“Where we work matters.”
The wave of remote work that has swept the nation since the COVID-19 pandemic has upended traditional notions about how and where work is performed. Advocates for disabled workers have lobbied for remote work for decades because the standard American workplace is designed around the nondisabled worker. The ability to work remotely is crucial to many workers with disabilities; it often determines whether they can maintain a job. And yet, most employers have refused to embrace remote work as a disability accommodation. This knee-jerk resistance to remote work has often been based on assumptions, past practice, and a lack of imagination rather than a careful, evidence-based examination of what is feasible and reasonable in a particular situation. In litigation, courts typically side with employers, basing their holdings on evidentiary practices that inevitably elevate employers’ concerns over those of employees.

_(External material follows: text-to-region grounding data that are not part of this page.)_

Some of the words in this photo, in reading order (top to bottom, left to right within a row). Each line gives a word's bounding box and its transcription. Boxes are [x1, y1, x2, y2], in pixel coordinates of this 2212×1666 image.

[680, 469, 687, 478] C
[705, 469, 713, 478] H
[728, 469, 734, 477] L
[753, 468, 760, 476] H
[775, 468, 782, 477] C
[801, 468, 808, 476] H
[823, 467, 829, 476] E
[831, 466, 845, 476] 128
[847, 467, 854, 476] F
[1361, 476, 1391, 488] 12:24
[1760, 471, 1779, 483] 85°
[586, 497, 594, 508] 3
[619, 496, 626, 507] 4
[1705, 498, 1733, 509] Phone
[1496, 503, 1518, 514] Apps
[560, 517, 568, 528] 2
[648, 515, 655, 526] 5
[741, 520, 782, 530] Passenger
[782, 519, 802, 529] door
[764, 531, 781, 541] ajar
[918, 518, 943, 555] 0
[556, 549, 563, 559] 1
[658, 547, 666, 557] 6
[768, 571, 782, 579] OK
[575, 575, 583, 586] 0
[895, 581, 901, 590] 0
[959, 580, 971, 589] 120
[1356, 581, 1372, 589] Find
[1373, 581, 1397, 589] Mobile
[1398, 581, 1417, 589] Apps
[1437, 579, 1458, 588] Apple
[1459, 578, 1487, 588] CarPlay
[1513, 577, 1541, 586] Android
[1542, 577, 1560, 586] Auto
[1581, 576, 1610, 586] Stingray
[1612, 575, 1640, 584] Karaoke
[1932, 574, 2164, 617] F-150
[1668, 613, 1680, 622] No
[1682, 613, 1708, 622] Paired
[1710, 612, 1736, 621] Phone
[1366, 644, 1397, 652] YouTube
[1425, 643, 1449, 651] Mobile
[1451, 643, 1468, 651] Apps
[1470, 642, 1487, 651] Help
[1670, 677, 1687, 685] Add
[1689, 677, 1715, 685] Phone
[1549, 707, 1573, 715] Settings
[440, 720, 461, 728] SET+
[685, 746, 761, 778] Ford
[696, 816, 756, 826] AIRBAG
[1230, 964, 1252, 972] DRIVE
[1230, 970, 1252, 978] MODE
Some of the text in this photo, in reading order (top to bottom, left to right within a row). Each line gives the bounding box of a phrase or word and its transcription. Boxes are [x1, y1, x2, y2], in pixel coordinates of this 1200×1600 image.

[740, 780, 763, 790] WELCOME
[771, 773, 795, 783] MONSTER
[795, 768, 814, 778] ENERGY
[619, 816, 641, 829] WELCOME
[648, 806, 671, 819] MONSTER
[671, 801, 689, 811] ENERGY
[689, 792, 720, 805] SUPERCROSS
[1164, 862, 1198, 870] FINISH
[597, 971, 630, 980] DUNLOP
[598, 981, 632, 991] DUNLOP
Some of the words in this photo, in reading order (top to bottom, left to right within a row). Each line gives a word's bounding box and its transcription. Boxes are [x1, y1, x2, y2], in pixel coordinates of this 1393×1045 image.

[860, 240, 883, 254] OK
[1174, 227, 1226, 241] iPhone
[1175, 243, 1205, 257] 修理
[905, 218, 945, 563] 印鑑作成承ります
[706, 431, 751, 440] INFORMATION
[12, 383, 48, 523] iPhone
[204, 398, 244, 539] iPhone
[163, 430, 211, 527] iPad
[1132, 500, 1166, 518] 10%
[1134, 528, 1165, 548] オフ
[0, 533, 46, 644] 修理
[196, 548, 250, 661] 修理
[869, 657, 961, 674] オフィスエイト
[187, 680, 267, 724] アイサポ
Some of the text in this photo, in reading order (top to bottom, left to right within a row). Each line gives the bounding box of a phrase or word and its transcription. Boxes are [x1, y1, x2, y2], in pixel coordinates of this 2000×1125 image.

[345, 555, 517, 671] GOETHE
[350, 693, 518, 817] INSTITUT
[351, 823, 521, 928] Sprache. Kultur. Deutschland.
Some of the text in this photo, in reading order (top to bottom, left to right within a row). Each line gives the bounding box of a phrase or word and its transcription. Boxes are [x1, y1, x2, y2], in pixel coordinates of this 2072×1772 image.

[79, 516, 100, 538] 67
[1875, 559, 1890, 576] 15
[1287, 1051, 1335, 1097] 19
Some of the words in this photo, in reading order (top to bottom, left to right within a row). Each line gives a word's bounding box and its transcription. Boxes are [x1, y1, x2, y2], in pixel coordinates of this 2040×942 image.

This Article makes two unique contributions to the literature on remote work accommodations. First, it identifies and categorizes these sometimes subtle, but usually dispositive, evidentiary practices and analyzes how each is legally unsound. What the pandemic has taught us about remote work further erodes the bases for these practices, rendering them indefensible. Courts should abandon these evidentiary shenanigans. Second, this Article studies federal remote work accommodations decisions between April 2020 and December 2022. Results are mixed, but there are hopeful signs that some courts are changing practices in light of the mountain of data our pandemic-induced nationwide remote work experiment has generated. This change would be a welcome development for disabled plaintiffs that would help ensure they have a fair chance in court.